I’ve been having internal arguments (and some that I extend out and ask Todd about). How do you pin down and quantify how much you’re “allowed” to grieve? Is it wrong to want to begin healing and finding a way back to some sense of rightness – because everything feels so wrong right now? Why does moving on and finding something to smile about feel like a betrayal of him, when he really loved to make us smile and laugh?
Why did I sit at my keyboard, unsure if I should report that I wouldn’t be in to work tomorrow or just toughen up and go in?
Why was he alone and was he scared? Was he mad?
Todd keeps it all quiet and inside, so I’m just trying to figure things out in my own way.
When is too young to die and when is it just “life”? Is almost 15 years of marriage enough? What about 20 – 30 – 50? Is it easier when someone is terminal or really elderly? What about frailty? What will the autopsy say? Did he suffer (and I can’t stop thinking that it’s probably yes, no matter if it was physical or if it was the fact that he couldn’t hold her again)?
Why do I feel like I want to hide from sympathy and want to yell at the world that it isn’t fair? I’m not the one who needs the sympathy and support. I am a supporting character in all of this. I’m dreading work, but I need to get back in there and put that face on everything – get back to the routine of doing all things and making that paycheck.

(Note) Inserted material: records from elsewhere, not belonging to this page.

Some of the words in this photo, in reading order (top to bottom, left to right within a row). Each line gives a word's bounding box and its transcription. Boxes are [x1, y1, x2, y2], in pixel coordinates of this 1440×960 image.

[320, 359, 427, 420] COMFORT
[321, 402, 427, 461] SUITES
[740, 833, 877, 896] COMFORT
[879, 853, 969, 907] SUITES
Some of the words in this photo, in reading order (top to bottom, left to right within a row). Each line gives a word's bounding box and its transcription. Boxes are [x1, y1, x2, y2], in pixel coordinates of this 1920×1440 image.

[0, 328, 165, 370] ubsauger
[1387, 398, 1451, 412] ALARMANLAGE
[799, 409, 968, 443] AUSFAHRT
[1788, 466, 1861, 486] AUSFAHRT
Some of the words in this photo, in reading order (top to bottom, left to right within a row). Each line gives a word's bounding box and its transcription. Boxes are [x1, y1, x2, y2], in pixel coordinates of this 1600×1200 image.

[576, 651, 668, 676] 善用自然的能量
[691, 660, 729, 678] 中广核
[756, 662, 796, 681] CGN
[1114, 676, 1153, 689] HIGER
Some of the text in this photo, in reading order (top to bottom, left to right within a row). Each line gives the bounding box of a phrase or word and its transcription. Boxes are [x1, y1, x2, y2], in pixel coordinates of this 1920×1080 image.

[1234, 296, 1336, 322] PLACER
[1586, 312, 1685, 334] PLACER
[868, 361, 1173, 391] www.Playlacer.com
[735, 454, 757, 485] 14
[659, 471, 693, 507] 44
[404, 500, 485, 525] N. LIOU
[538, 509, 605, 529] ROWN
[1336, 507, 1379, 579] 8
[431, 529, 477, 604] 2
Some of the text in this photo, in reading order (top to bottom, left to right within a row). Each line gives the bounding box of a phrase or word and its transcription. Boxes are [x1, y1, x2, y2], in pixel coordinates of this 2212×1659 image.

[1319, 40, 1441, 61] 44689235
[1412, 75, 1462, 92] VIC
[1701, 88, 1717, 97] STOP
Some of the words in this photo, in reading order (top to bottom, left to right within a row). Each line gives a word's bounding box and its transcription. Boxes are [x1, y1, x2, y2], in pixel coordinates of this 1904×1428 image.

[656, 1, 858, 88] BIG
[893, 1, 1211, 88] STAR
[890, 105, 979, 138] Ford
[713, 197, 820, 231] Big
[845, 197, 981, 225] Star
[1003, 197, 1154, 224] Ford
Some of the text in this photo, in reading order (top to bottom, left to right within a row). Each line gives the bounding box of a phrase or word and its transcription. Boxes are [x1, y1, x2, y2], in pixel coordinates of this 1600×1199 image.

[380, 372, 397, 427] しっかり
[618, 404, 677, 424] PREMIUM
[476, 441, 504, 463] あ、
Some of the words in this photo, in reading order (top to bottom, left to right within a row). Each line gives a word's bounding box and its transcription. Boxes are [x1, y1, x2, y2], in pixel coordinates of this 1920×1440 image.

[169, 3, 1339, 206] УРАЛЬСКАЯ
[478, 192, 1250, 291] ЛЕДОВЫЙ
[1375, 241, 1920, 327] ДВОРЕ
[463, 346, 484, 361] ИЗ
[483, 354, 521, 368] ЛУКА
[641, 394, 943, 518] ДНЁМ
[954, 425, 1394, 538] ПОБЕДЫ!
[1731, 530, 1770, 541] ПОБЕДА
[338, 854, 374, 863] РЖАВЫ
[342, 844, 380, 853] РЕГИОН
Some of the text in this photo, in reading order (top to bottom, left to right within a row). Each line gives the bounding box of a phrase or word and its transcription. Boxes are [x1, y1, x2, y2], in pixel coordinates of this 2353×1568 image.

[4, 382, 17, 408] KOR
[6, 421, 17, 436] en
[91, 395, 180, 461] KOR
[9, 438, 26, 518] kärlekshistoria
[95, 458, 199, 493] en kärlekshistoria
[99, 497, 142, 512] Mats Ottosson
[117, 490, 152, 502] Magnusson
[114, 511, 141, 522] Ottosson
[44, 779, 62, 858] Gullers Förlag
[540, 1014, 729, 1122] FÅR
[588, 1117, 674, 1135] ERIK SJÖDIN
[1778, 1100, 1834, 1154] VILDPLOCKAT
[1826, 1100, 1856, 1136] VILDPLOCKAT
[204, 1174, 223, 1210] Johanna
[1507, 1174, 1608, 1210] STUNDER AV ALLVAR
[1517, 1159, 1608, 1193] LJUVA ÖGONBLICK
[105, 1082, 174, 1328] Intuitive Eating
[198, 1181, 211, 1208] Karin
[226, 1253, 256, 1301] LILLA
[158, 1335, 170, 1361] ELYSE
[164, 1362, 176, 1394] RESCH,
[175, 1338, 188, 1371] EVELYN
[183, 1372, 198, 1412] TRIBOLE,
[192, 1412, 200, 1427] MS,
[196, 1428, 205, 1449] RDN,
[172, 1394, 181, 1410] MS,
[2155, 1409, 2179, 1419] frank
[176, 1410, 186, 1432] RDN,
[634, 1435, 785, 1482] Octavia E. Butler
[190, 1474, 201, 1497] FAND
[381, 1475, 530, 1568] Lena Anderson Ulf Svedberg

How is she going to be able to figure things out and keep moving? I know she will. Logic says that she’ll do it, that she’ll pull together the pieces of her heart and each day will pass and she’ll keep doing what she needs to do. One by one, the milestones will fall down – one day, one week, one month, the first family holiday, their anniversary, then his birthday and Christmas, and a year, then more. It won’t feel like it’s getting a bit better, though. Not for a long, long time.
I don’t want to place this thing on her – the permanent assignment of grieving widow. I want to be able to give her what she needs from us and I don’t understand what it is. I’m simply no good at this.
What do I say? What do I do, when there’s nothing I can really do?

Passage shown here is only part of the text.